Methods: This cross jurisdictional study (BC, AB, ON, QC) will use case study methodology. Phase 1: A document review of provincial and regional level policies/structures on PHC teams and integrated service delivery with individual (by province) and cross-case analysis will be completed. Phase 2: Interviews and deliberative dialogue (DD) will be conducted with patients/caregivers in each province to explore how they are and would like to be involved in policy development and implementation for PHC teams and integration. Phase 3: We will seek feedback on the research results from provincial and national stakeholders, including patients, through a series of online and virtual discussions. Recommendations and actions will be developed.

Results: The protocol for the study will be presented. Discussion/implications: We will better understand policies/structures supporting integrated services delivery through PHC teams, how they do so, and when and how unintended consequences impede progress. Furthermore, we will understand how patients/caregivers wish to be involved in policy development and implementation. This study is timely and will allow provinces to learn from each other.

Dissemination and Knowledge Translation Approach: We will use an integrated KT approach with the inclusion of knowledge-users, including patients, on our research team. Phases 2/3 use IKT approaches through DD and virtual discussions. One-page summaries, presentations and peer-reviewed publications will also be used.

Poster #10

Can-SOLVE CKD Network: Indigenous Peoples' Engagement and Research Council

Catherine Turner1

1 Can-SOLVE CKD Network

Introduction and Background: Kidney disease has a strong impact on the health of Indigenous communities; therefore, strategies to improve kidney health must include culturally appropriate engagement of Indigenous peoples. The Can-SOLVE CKD Network is a patient-oriented initiative that is working to improve the kidney health of Canadians and bring Indigenous ways of knowing into health research.

Methods: Can-SOLVE CKD has created an Indigenous Peoples' Engagement and Research Council (IPERC) to support collaboration grounded in traditional values and partnerships with Indigenous communities. Membership includes Indigenous patients, caregivers, researchers, and community leaders. Using an ethical framework that encompasses the principles of ownership, control, access and possession, IPERC guides Can-SOLVE CKD in respectful engagement of Indigenous peoples in research.

Results/Findings: IPERC has created a culturally safe space for Indigenous individuals to participate in all aspects of patient-oriented kidney research.
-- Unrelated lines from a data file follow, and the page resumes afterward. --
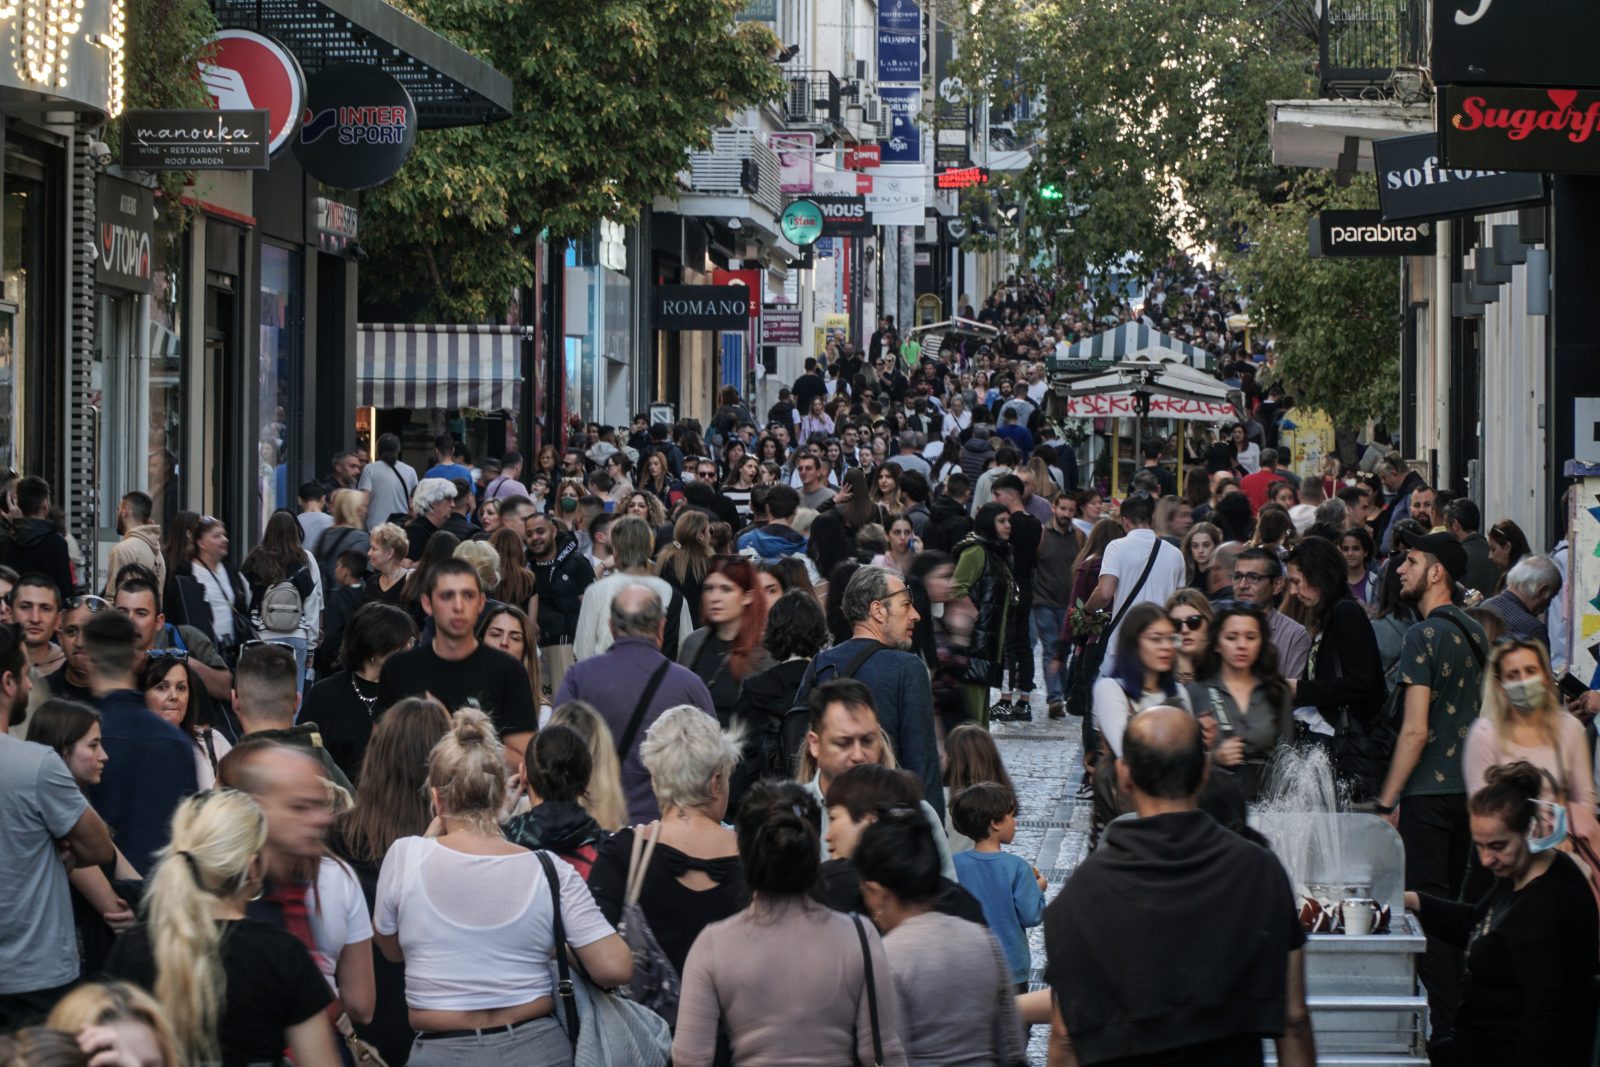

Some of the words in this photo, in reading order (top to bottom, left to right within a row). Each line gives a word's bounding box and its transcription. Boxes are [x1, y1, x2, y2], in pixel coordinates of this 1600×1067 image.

[340, 106, 406, 126] INTER
[137, 115, 252, 141] manouka
[339, 125, 406, 144] SPORT
[821, 203, 864, 217] MOUS
[662, 300, 746, 315] ROMANO
The council has instituted guidelines on ceremony and Elder participation that ensure recognition of traditional knowledge and territories. IPERC is also creating a cultural safety learning pathway, including a training module for health researchers and policy-makers.  

Discussion/Implications: Through IPERC, the Can-SOLVE CKD Network offers a model for respectful engagement of Indigenous communities in health research. By adopting Indigenous ways of knowing and fostering cultural competency, the network is working to close the gaps in kidney health outcomes between Indigenous and non-Indigenous communities.  

Dissemination and Knowledge Translation Approach: IPERC members have engaged in outreach to the broader research and educational communities through oral and poster presentations. A variety of resources are available online through the Can-SOLVE CKD website and social media, and members are also socializing with other SPOR networks and research entities to advocate for change in practice.